Task directions: Give back every record word for word, keeping the pictures out.

Images for object localization

● ● ● ● ● ● ●

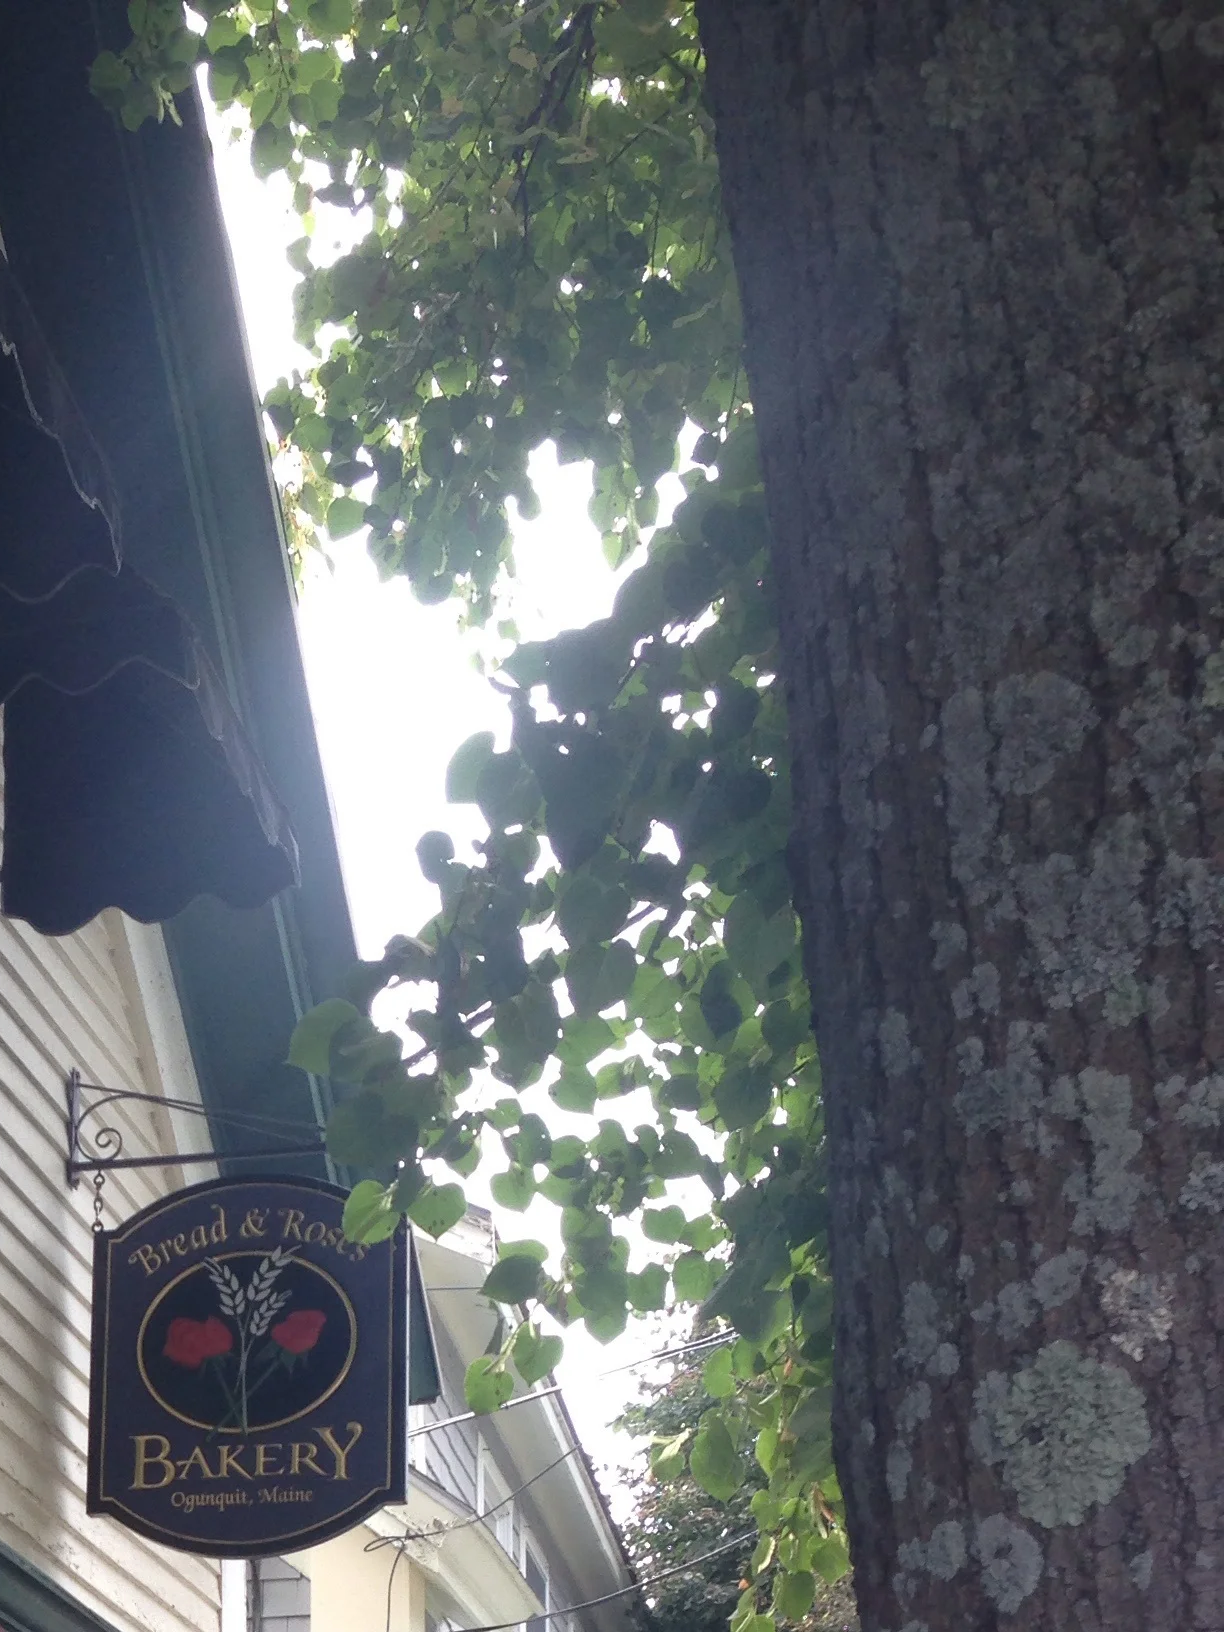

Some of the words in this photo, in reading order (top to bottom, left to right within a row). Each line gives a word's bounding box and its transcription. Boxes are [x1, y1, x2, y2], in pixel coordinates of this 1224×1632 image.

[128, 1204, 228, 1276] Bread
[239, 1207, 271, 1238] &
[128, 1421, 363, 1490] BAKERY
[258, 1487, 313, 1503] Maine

● ● ● ● ● ● ●

Answer area:
Some of the words in this photo, in reading order (top to bottom, left to right within a row). Each line gives a word's bounding box and its transcription. Boxes are [x1, y1, x2, y2], in pixel coordinates of this 1224×1632 image.

[128, 1204, 228, 1276] Bread
[239, 1207, 271, 1238] &
[128, 1421, 363, 1490] BAKERY
[258, 1487, 313, 1503] Maine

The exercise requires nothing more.